= WORK TO BE COMPLETED =
Reproduce, exactly and in full, the records that follow, minus any pictures.

= THE DATA =
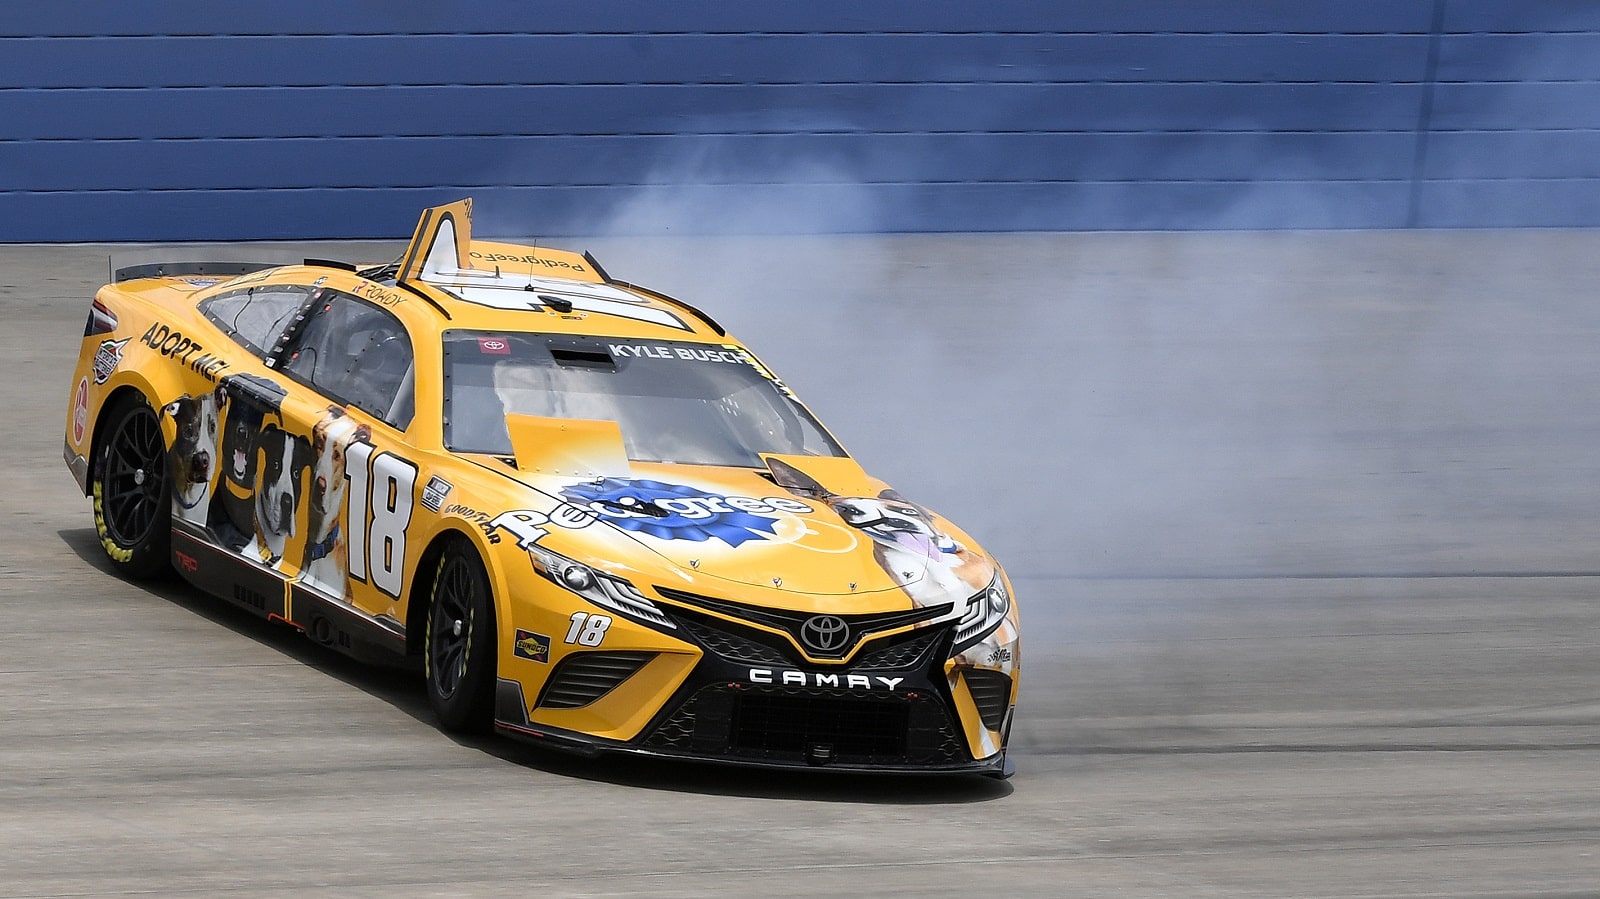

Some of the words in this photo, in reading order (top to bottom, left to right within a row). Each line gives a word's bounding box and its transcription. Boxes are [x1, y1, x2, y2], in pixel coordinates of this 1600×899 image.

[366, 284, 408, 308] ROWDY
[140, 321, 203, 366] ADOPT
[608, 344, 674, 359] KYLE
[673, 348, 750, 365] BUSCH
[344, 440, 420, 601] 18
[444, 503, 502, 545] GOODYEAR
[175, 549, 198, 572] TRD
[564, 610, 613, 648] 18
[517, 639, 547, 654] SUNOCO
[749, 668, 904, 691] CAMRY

= TASK RESPONSE =
Some of the words in this photo, in reading order (top to bottom, left to right within a row). Each line gives a word's bounding box and its transcription. Boxes are [x1, y1, x2, y2], in pixel coordinates of this 1600×899 image.

[366, 284, 408, 308] ROWDY
[140, 321, 203, 366] ADOPT
[608, 344, 674, 359] KYLE
[673, 348, 750, 365] BUSCH
[344, 440, 420, 601] 18
[444, 503, 502, 545] GOODYEAR
[175, 549, 198, 572] TRD
[564, 610, 613, 648] 18
[517, 639, 547, 654] SUNOCO
[749, 668, 904, 691] CAMRY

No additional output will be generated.